**Try it**
Nothing should differ between your answer and the records.

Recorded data
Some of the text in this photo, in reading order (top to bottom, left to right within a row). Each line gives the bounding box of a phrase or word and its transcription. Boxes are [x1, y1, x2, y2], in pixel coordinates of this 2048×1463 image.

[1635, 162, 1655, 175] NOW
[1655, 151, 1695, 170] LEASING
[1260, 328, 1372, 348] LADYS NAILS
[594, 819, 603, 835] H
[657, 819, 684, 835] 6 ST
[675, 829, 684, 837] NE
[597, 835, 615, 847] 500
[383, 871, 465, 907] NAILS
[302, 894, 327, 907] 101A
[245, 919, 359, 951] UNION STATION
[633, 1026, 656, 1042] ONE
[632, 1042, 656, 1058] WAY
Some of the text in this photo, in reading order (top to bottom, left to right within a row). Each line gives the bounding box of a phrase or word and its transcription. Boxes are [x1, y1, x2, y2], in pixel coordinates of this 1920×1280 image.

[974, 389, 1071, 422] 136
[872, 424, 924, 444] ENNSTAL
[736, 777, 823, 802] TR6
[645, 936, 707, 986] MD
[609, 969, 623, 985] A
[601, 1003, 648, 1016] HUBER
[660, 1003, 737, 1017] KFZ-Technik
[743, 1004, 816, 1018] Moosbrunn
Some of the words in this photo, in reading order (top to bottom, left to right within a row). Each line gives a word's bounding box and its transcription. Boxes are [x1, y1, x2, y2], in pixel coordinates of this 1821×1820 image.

**Task result**
Some of the text in this photo, in reading order (top to bottom, left to right within a row). Each line gives the bounding box of a phrase or word and its transcription. Boxes are [x1, y1, x2, y2], in pixel coordinates of this 2048×1463 image.

[1635, 162, 1655, 175] NOW
[1655, 151, 1695, 170] LEASING
[1260, 328, 1372, 348] LADYS NAILS
[594, 819, 603, 835] H
[657, 819, 684, 835] 6 ST
[675, 829, 684, 837] NE
[597, 835, 615, 847] 500
[383, 871, 465, 907] NAILS
[302, 894, 327, 907] 101A
[245, 919, 359, 951] UNION STATION
[633, 1026, 656, 1042] ONE
[632, 1042, 656, 1058] WAY
Some of the text in this photo, in reading order (top to bottom, left to right within a row). Each line gives the bounding box of a phrase or word and its transcription. Boxes are [x1, y1, x2, y2], in pixel coordinates of this 1920×1280 image.

[974, 389, 1071, 422] 136
[872, 424, 924, 444] ENNSTAL
[736, 777, 823, 802] TR6
[645, 936, 707, 986] MD
[609, 969, 623, 985] A
[601, 1003, 648, 1016] HUBER
[660, 1003, 737, 1017] KFZ-Technik
[743, 1004, 816, 1018] Moosbrunn
Some of the words in this photo, in reading order (top to bottom, left to right within a row). Each line gives a word's bounding box and its transcription. Boxes are [x1, y1, x2, y2], in pixel coordinates of this 1821×1820 image.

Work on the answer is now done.